As I write this (two days after the assessment), I am feeling very emotional, having a hard time focusing, and I don’t quite know what to do with the new information that I received. When Bob came into the waiting room at the end of the assessment day, he carried a book and a small stack of papers full of numbers and technical terminology and percentiles. Before he went over the results with me he said, “You don’t need to try to remember any of what I'm going to tell you. We’ll send you a report.”  Then he said, “Remember when I said that sometimes what we feel is just our perception? Well, that’s not what’s going on here.” So, there really was an issue.

Okay. What did we find out? I thought I would remember all the details, but Bob was right – it’s kind of a blur. Here are the big picture concepts I walked away with. My reading speed and fluency (the ability to recognize words automatically) is nowhere near what it could be based on my cognitive capacity. My reading speed and fluency is at about a 12th grade level (higher than I thought it would be – there’s that perception Bob talked about), but it jumps up 6 grade levels if I’m given extra time and limited distractions. Wow, that’s a huge difference.

We didn’t talk about why this is the way it is. Could it be the concussion I had at 14, the very high fever I had when I was little, not being taught to read properly, something in my brain that just doesn’t decode words? I don’t know. There’s another expression I’ve heard through the years, “Don’t analyze, utilize!”

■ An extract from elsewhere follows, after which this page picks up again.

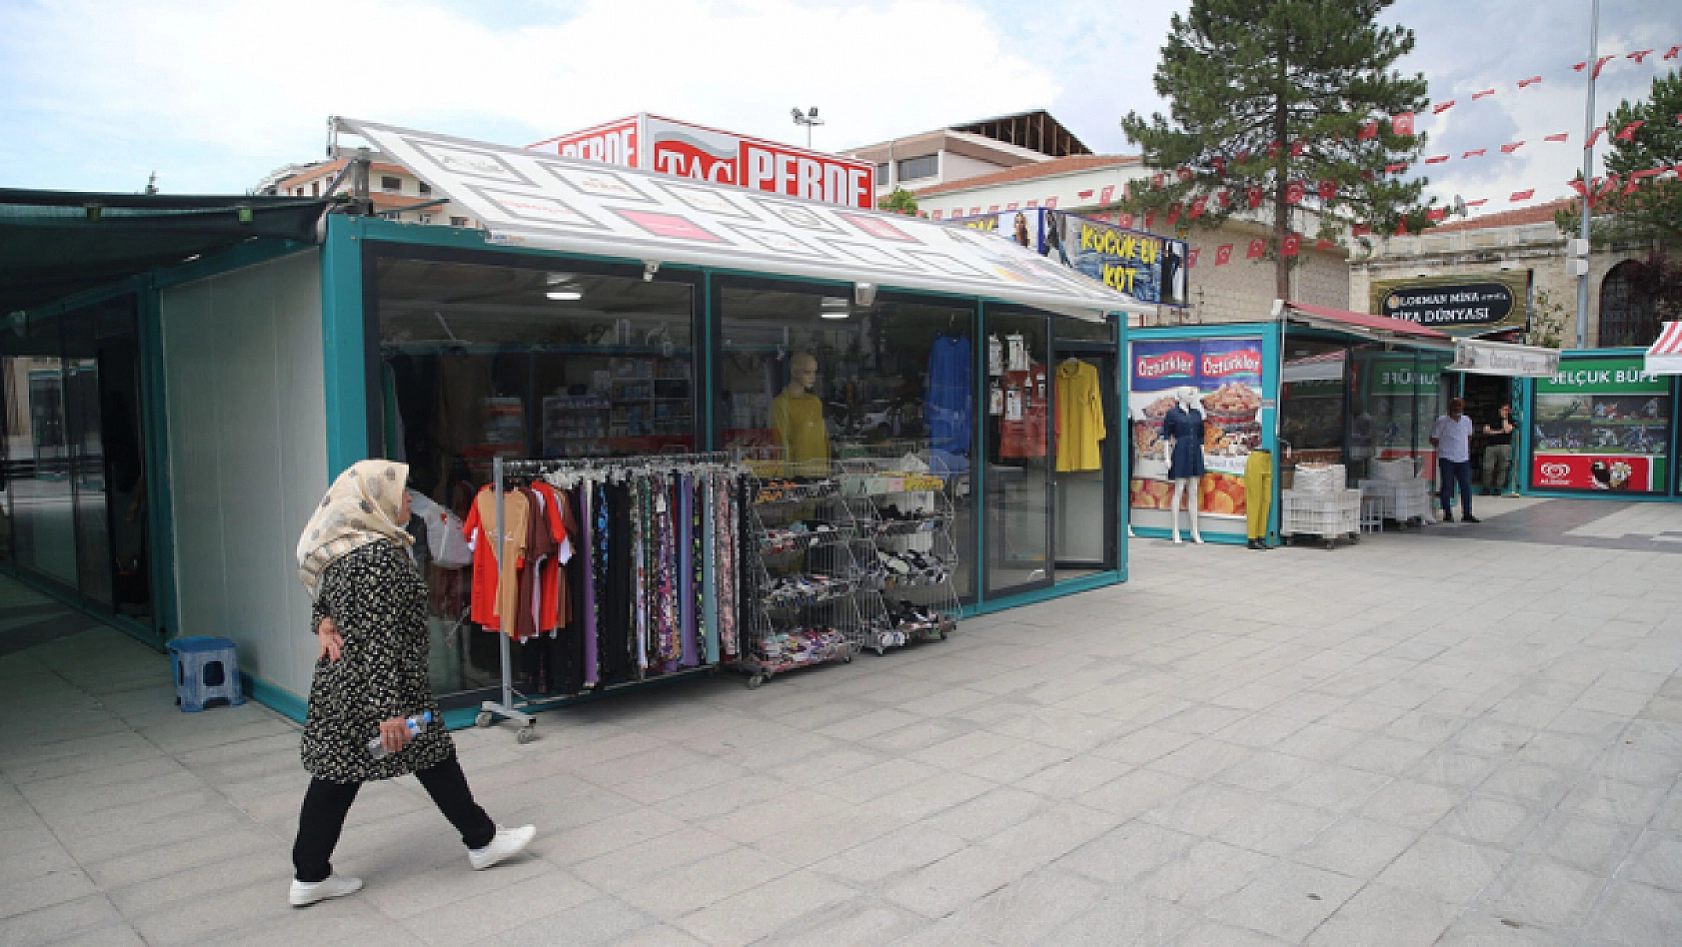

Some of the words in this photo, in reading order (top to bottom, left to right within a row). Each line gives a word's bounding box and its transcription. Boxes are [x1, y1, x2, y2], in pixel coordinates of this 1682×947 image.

In this moment, I'm feeling kind of angry that I didn't look into this years ago, and I'm a little scared that I'll discover that I've been using my trouble with reading to avoid things I was just afraid to do. But because I went through the assessment and found out what is really going on, I can now legally ask for accommodations if I choose to go back to school or if a job requires a lot of reading. In a couple of weeks, I’ll have a report in hand that shows what I need to do my best.

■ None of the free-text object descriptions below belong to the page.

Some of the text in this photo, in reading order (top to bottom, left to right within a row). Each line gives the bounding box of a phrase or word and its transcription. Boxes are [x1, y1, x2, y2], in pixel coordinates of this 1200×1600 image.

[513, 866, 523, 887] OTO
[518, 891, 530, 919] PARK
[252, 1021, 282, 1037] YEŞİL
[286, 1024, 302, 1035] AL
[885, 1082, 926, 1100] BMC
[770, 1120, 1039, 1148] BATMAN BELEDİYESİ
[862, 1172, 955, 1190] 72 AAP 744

I don't know yet what I will do with this information, but I do know that I will not dismiss an idea because I won’t be able to do the reading. I just need more time than most people – and when I get that extra time, look out world, here I come!

I'll write again after I get the report and have had a few more weeks to understand what all this really means to me.


Click here to read Part 3



5 Comments

Carol, thank you for sharing. I supported EEC through supplying a database when they needed it and enjoyed working with the team, but never really understood how they can change lives.

Andrea Fewx

Posted Mar 2, 2015 by Andrea Fewx

Carol -- I admire your courage and honesty. Whether your reading is grade 12 or not -- you are a wonderful person with a great many skills that many of us will never acquire. I don't think I could do some of the things you do!! In the field of deafblindness, we talk about "literacy" from a much different perspective. We talk about how literacy means something different to different children -- and we look at the purpose of literacy, rather than literacy for literacy's sake. Remind me to share one of the articles I use on the topic! Kudos -- and thank you for sharing. Lyn

Lyn Ayer

Posted Mar 5, 2015 by Lyn Ayer

Carol,
Your story will and has impacted others to help them through their journey of getting to know themselves. Thank you for writing such a wonderful touching and emotional article. There is so much value in each story that each individual brings. We are so lucky here at TRI to have a support group of people who look to skill utilization.

Posted Mar 6, 2015 by Mandy

Thanks very much for the supportive comments. It's always hard to take a good look at ourselves, and so nice to feel supported for doing it. This whole process has changed the way I look at things, especially as I walk across the WOU campus - a very deep feeling that I belong here. Thanks again!

Carol Dennis

Posted Mar 6, 2015 by Carol Dennis

Carol,

This was a journey for you and I hope you find some productive ideas about your adult learning needs and style as a result. I agree with others that working with you is inspiring and I always appreciate your clever insights and ability to take a step back and question what we do in our work. Those are skills lots of folks are missing!